> EXERCISE DETAILS: Retype the records below exactly as they appear, but leave out any pictures.

> DATA TO USE:
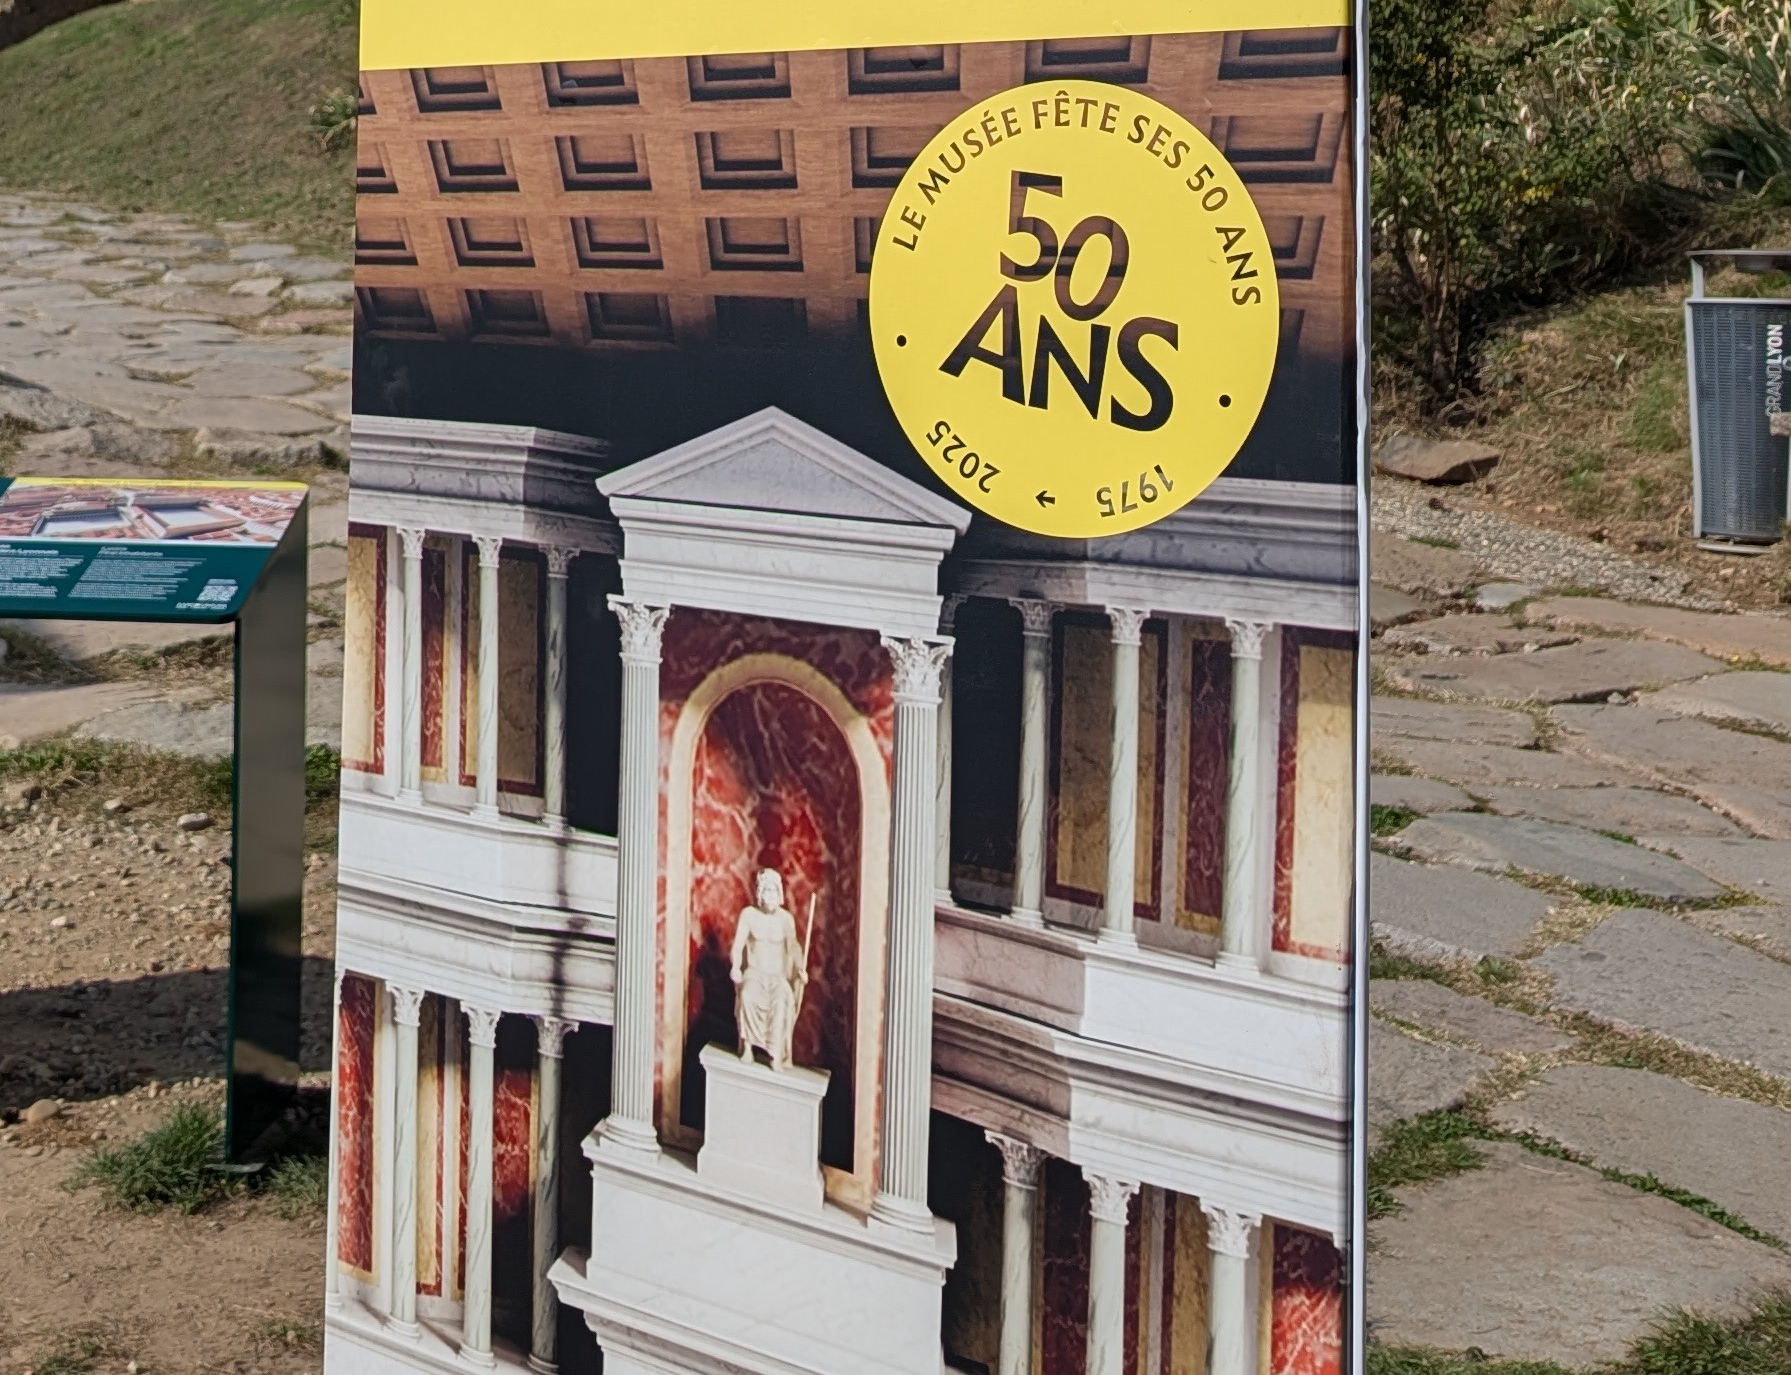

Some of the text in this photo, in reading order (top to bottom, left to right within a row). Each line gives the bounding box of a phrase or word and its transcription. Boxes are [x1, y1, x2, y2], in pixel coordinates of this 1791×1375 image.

[892, 90, 1261, 306] LE MUSÉE FÊTE SES 50 ANS
[999, 169, 1130, 322] 50
[938, 283, 1179, 432] ANS
[925, 420, 1174, 518] 1975 2025
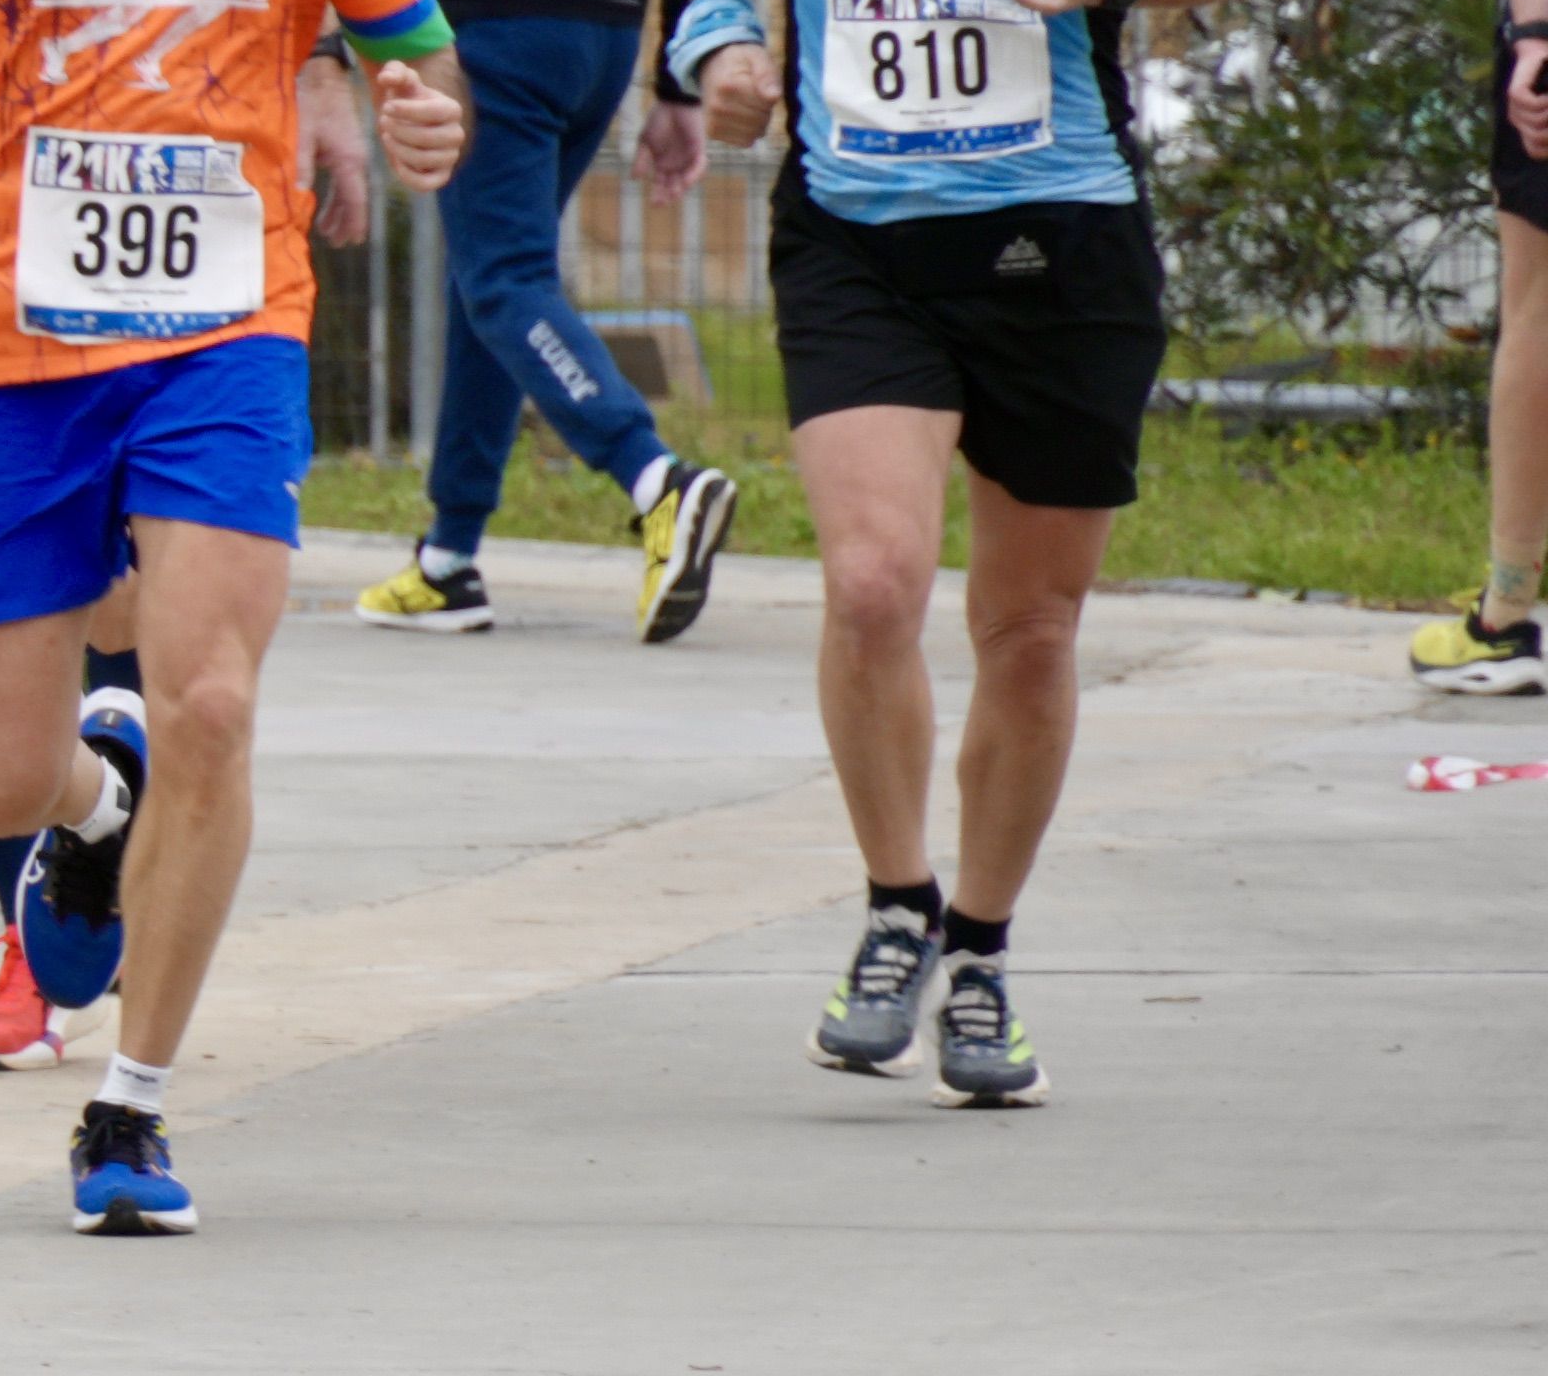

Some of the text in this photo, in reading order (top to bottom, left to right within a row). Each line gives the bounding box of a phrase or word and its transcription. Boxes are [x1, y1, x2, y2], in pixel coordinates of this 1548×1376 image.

[870, 25, 989, 101] 810
[57, 140, 133, 193] 21K
[73, 201, 199, 280] 396
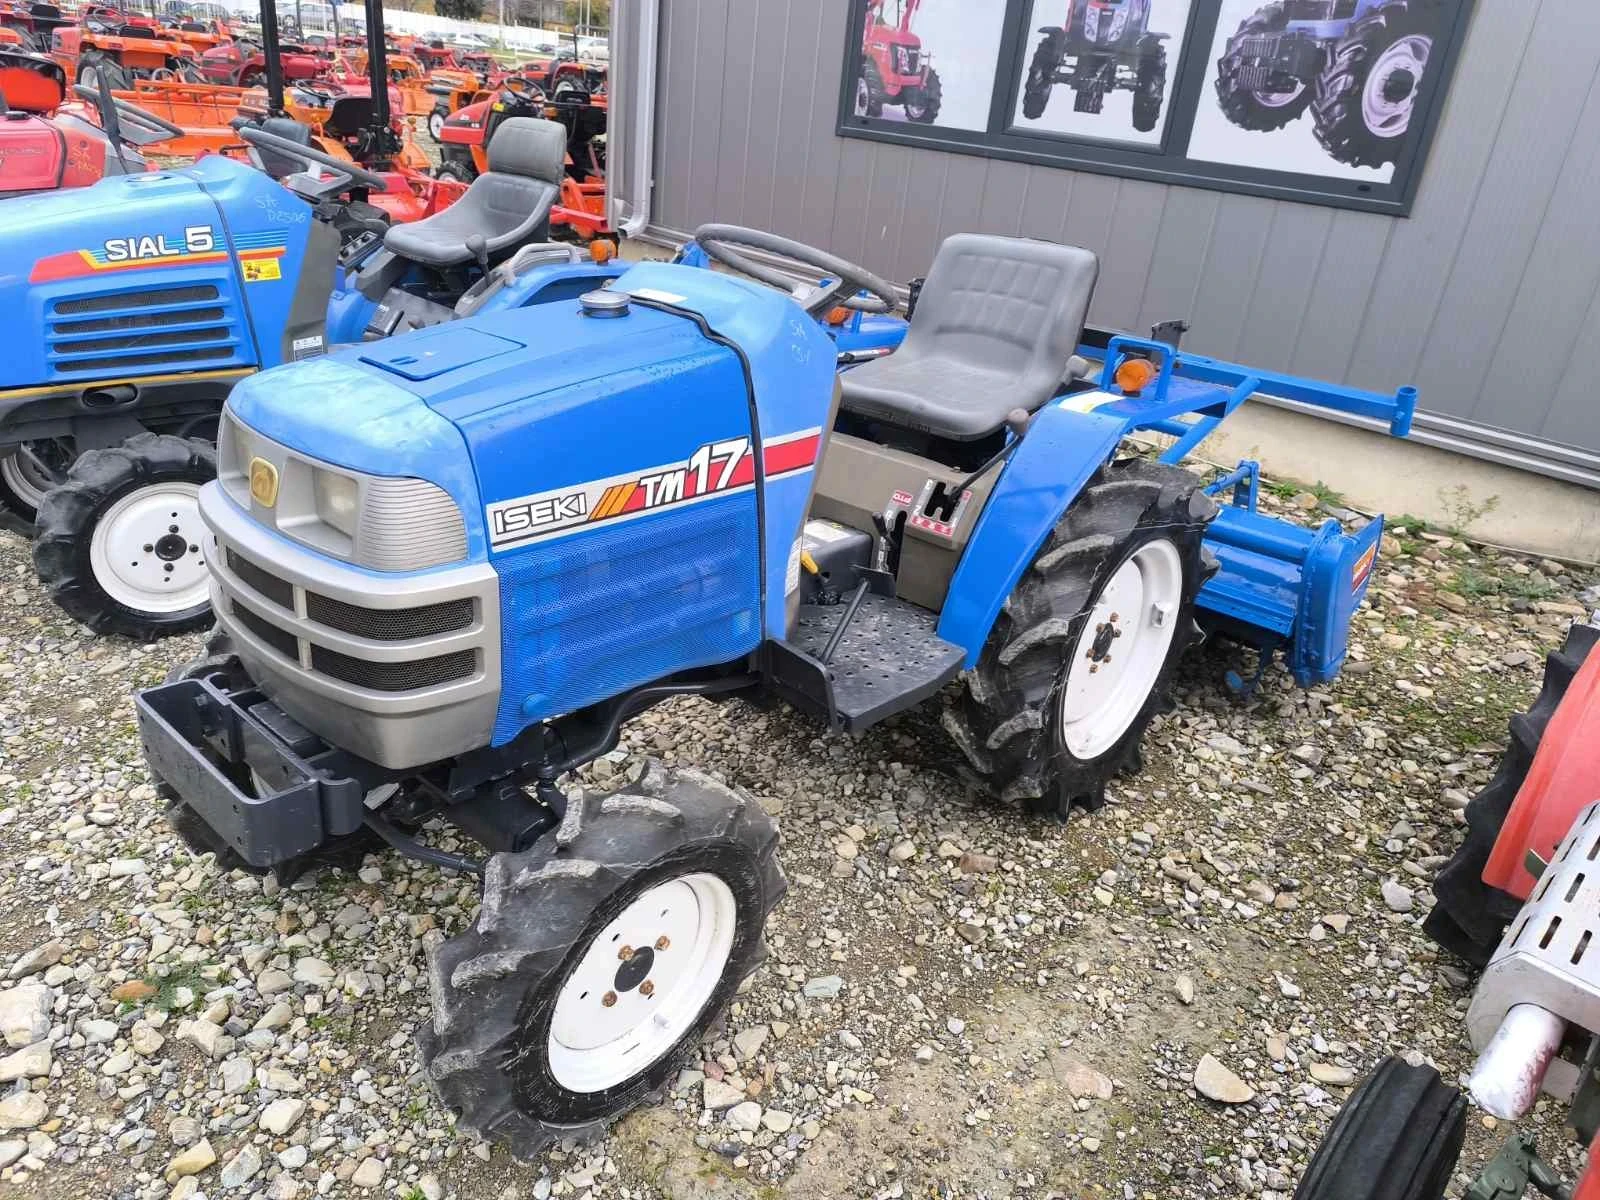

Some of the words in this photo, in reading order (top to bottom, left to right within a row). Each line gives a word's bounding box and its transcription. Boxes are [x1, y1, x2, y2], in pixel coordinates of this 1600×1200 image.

[104, 235, 180, 261] SIAL
[184, 225, 214, 252] 5
[495, 492, 588, 536] ISEKI
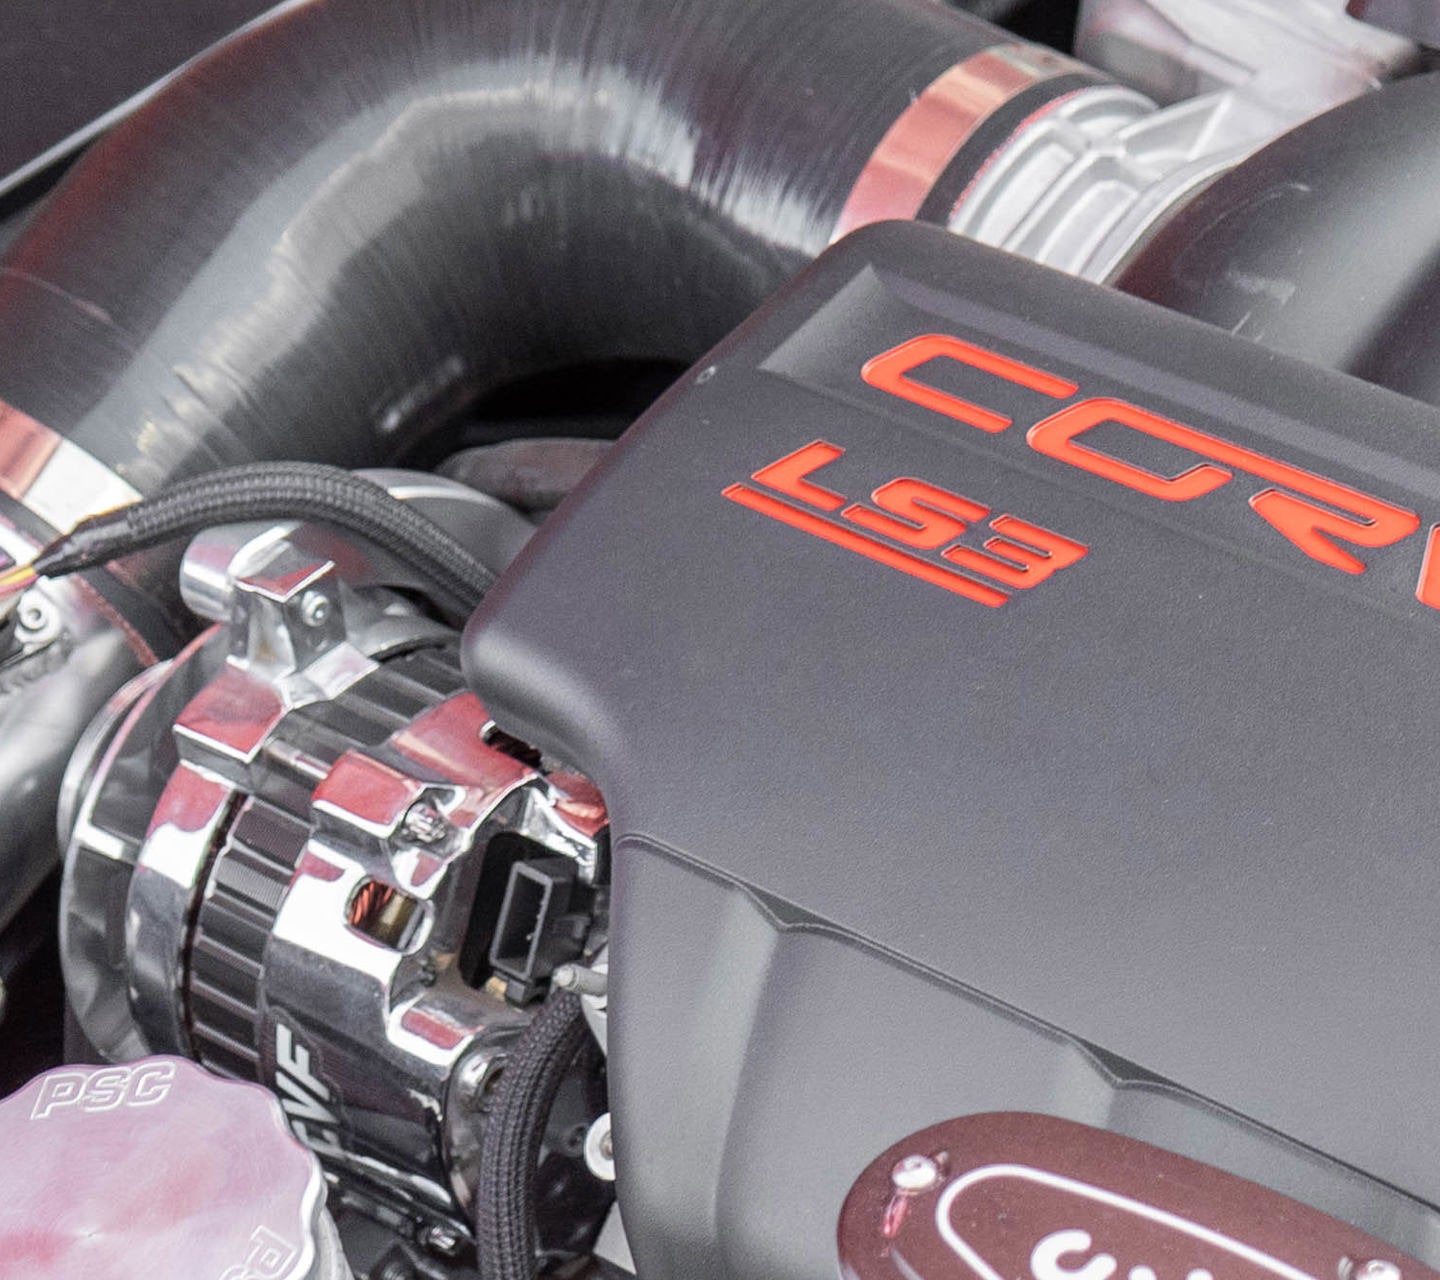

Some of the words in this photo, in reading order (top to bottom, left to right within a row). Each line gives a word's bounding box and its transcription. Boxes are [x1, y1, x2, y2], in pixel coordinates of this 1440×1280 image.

> EXPECTED OUTPUT:
Some of the text in this photo, in reading order (top to bottom, left to right within a row). Each line gives the bounding box of a phrase or word and its transcription. Boxes are [x1, y1, x2, y2], in pixel coordinates of this 1791×1375 image.

[892, 90, 1261, 306] LE MUSÉE FÊTE SES 50 ANS
[999, 169, 1130, 322] 50
[938, 283, 1179, 432] ANS
[925, 420, 1174, 518] 1975 2025

Some of the text in this photo, in reading order (top to bottom, left to right within a row). Each line gives the bounding box of a phrase or word and its transcription. Boxes are [x1, y1, x2, y2], in pixel coordinates of this 1548×1376 image.

[870, 25, 989, 101] 810
[57, 140, 133, 193] 21K
[73, 201, 199, 280] 396

Some of the words in this photo, in reading order (top to bottom, left to right within a row). Each line gives a word's bounding box and its transcription. Boxes are [x1, y1, x2, y2], in pixel coordinates of this 1600×1200 image.

[104, 235, 180, 261] SIAL
[184, 225, 214, 252] 5
[495, 492, 588, 536] ISEKI

Some of the words in this photo, in reading order (top to bottom, left to right within a row). Each line gives a word's bounding box and its transcription. Boxes are [x1, y1, x2, y2], in pixel coordinates of this 1440×1280 image.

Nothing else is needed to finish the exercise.